Anglo American Sells Stake in Russian Projects to Eurasia Mining

Precious Metals

Eurasia Mining said Friday that it has entered into an agreement to buy Anglo American Platinum out of a joint venture project in Russia.

On the heels of reports that Anglo American Platinum (LSE:AAL) may sell its mining operations in South Africa, Eurasia Mining (LSE:EUA) announced Friday that it has entered into an agreement to buy the miner out of a joint venture project in Russia. The acquisition will give Eurasia Mining a 100-percent interest in the joint venture company Urals Alluvial Platinum and, by extension, that company’s Russian projects.

According to a press release from Eurasia, the company already owns a 50-percent interest in Urals Alluvial. It has entered into an agreement whereby its 100-percent-owned subsidiary, Eurasia Investments, will buy the remaining 50-percent stake in Urals Alluvial from Anglo American’s indirectly owned subsidiary, Rustenburg Platinum Mines (Cyprus). A further announcement will follow when the acquisition is completed.

As Reuters reported, Urals Alluvial owns several Russian PGM projects, including a license area at West Kytlim that “contains near to production-ready state approved platinum reserves.” There is also the Monchetundra project, where, according to Eurasia’s press release, base metals mineralization has been discovered and “some very high-grade PGM assays” have been returned.

Explaining why it wanted the deal, Eurasia gives some background regarding its joint venture with Anglo American. The companies entered into the agreement back in 2003, establishing Urals Alluvial as the operating company. Various exploration projects were carried out in Russia, but in 2009, Anglo American started to narrow its focus on South Africa. That year, Rustenburg Platinum Mines (Cyprus) “exercised its rights under the JVA to suspend contributions” to Urals Alluvial; Eurasia has been solely funding exploration work ever since. As such, the two companies entered into an agreement this week for Rustenburg Platinum Mines (Cyprus) and Anglo American to sell their interest in the projects.

Dr Michael Martineau, chairman of Eurasia, said, “[w]e are very grateful for the encouragement and support that the Anglo American Platinum group has provided over the years of exploration, resource definition and license negotiation.” However, he also pointed out the favorable position that the acquisition will put Eurasia in, stating, “[t]he doubling of Eurasia’s equity interest in UAP also provides greater flexibility to bring in new partners or to restructure the holdings for improved efficiency of future operations, should the Company wish to do so.”
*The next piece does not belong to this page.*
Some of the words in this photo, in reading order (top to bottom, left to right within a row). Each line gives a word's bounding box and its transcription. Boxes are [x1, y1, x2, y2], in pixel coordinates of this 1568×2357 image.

That explains why Eurasia wanted to secure the project, but what does it mean for Anglo American? To be sure, the move falls in line with recent indications that that Amplats is looking to sell its costly Rustenburg operations in South Africa. In an interview with Business Day Live from April 14, Anglo American’s CEO, Mark Cutifani, said, “[t]he Rustenburg resource is not what it used to be … [t]hat’s why I’ve been quite vocal saying we should consider taking a step back from Rustenburg. We should be focusing on the more mechanised operations, which is what I think we do much better.”
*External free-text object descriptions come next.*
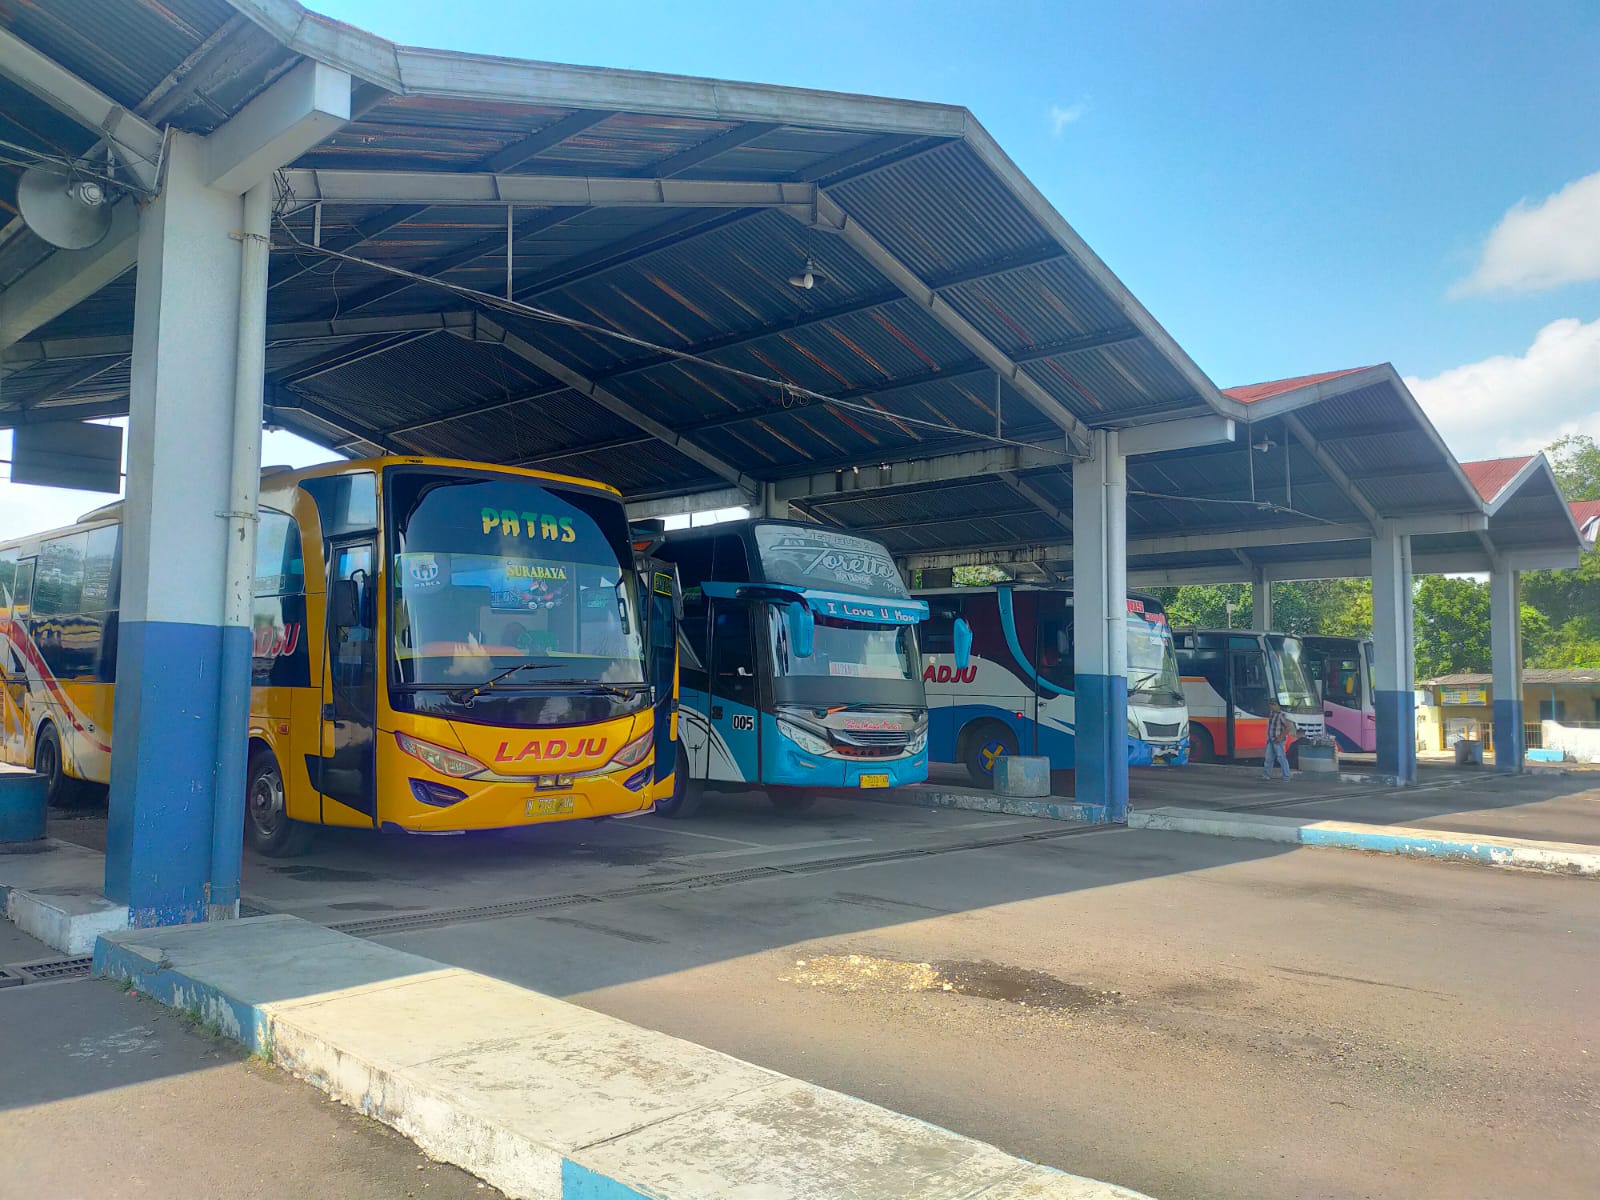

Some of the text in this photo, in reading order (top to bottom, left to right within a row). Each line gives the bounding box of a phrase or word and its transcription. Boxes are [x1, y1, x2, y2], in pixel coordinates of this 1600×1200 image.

[481, 507, 576, 543] PATAS
[507, 565, 567, 580] SURABAYA
[770, 546, 894, 578] Toretto
[827, 602, 837, 614] I
[843, 604, 874, 617] Love
[880, 607, 889, 619] U
[252, 622, 301, 657] DJU
[733, 715, 754, 730] 005
[495, 738, 607, 762] LADJU
That article, and this one from Bloomberg, both note that the miner plans to focus on its lower-cost, open-pit Mogalakwena mine, also in South Africa.

Anglo American is certainly not the only miner shifting its focus and attempting to cut costs, and given the state of the market last year, it is worth it for investors to note when a company is making difficult choices to try to manage itself responsibly. Together with fellow platinum miners Lonmin (LSE:LMI) and Impala Platinum (JSE:IMP), Anglo American has lost millions of dollars worth of PGM production so far this year due to the ongoing strike in South Africa, so any attempt to mitigate these losses could be seen as important.

However, with the large amount of turbulence in South Africa in 2014, a company like Eurasia, which holds projects outside of that country, could also be interesting. Although Russia is also not seen as the most favorable mining jurisdiction due to fears of sanctions in light of tension over Ukraine, it is worth noting that Eurasia expects to begin production next year for several alluvial mining operations that could run for at least nine years.

Eurasia’s managing director, Christian Schaffalitzky, commented, “[w]e believe the added opportunity attained by the Company through the Acquisition on completion will be very significant for shareholders. The timing of this agreement could not be better for Eurasia. We believe our planned platinum production, expected to commence in 2015, is well placed to benefit from the rapidly changing landscape in the PGM business. This can only benefit new low cost mines such as Eurasia’s.”


Securities Disclosure: I, Teresa Matich, hold no investment interest in any companies mentioned in this article.